When the occupants leave a space, their building remains. Remote or outdated structures may stand uninhabited for years, and time can transform an abandoned space into a haunting reminder of the past. A combination of skilled architects and determined minds have brought these six buildings firmly into the present day, but without compromising their integrity or their past.
01. The Durham Hotel — Durham, North Carolina
A 1960s Mutual Community Savings Bank was renovated by Commune Design into the most sought-after hotel in the area: The Durham. The studio preserved its mid-century aesthetics, keeping the exterior almost untouched.
The Durham is both a boutique hotel for visitors and a community space for local creatives. Amenities include some welcome but unexpected touches: yoga, cooking classes, coffee tastings, a shoe shine, a selection of vinyl records and a newsstand offering a range of local and niche publications.
02. The Foundry — London, England
The Foundry is a former shoe polish factory transformed into a social justice centre by Architecture 00. Commissioned by Ethical Property, the building serves as an office and conference facility for charities as well as human rights and social justice organizations.
Thanks to its sustainable restoration process and blend of contemporary and industrial design, the project won the RIBA London Building of the Year and a RIBA London Regional award in 2015.
03. Allez Up — Montreal, Canada
When turning an abandoned sugar refinery into Allez Up, a climbing gym, Smith Vigeant Architectes had to address many issues. The soil was contaminated and the structures were neglected, but the studio successfully adapted them to their new purpose.
The renovation helped to revitalize Montreal’s Southwest borough along the Lachine Canal.

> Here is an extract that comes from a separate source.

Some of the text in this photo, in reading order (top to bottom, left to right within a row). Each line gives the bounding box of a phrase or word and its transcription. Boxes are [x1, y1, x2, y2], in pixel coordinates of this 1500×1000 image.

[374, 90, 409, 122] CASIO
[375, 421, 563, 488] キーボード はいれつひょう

Today, the climbing gym unites a strong community of climbers in a safe, positive space, with classes in sport climbing, bouldering and yoga.

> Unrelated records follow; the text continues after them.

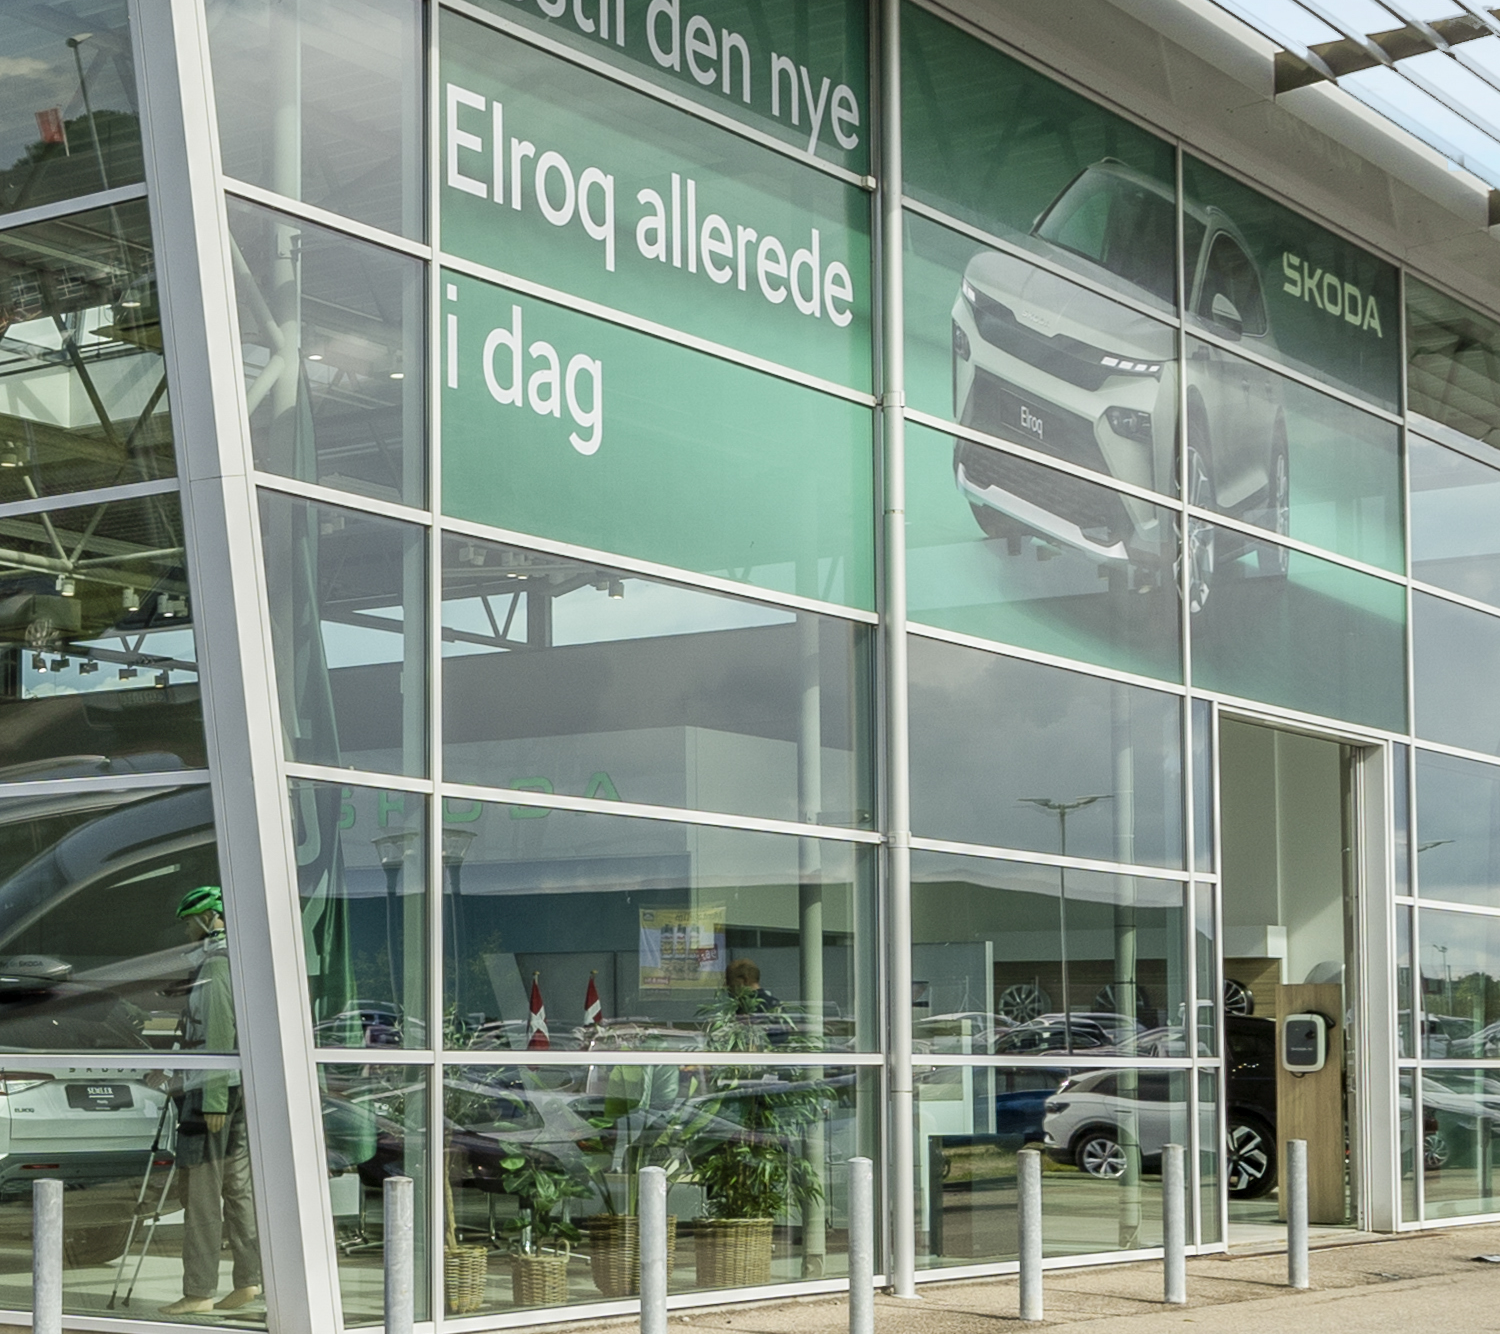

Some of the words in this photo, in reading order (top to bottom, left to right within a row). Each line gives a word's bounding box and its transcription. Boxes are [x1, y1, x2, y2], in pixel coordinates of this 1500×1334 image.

[771, 51, 860, 156] nye
[446, 82, 615, 272] Elroq
[636, 172, 854, 328] allerede
[1282, 251, 1383, 338] SKODA
[446, 283, 459, 389] i
[482, 305, 604, 456] dag
[1021, 405, 1044, 440] Elroq

04. Residential Church Conversion — Chicago, Illinois
An old church in Chicago’s Little Italy neighborhood was converted into a modern residence for a family of five. Linc Thelen Design and Scrafano Architects joined forces to upgrade the church to contemporary living standards, while preserving its original brick walls and stained glass windows.
The house features over 25-foot ceilings, a quartz-clad fireplace and even a climbing wall in the boys’ room. Another special feature is the bell tower, which was converted into a glass-floored observation deck.
05. Museo ABC — Madrid, Spain
When the Museo ABC was looking for a new space to house their ABC Collection, they opted for the Mahou beer factory. The museum appealed to architects Aranguren & Gallegos to turn the brewery into the artistic hub it is today. Conveniently located in the historic Barrio de Universidad, within walking distance from the Conde Duque cultural centre, the museum is a dynamic, creative gathering space for locals and tourists alike.
06. Stable Café — San Francisco, California
In the 1800s, Stable used to be the local mayor’s carriage house. When current owner Malcolm Davis discovered the location, the building was falling apart. But this didn’t stop his architecture firm from reworking it into a trendy collective. Stable Café is owned and run by Thomas Brian Lackey.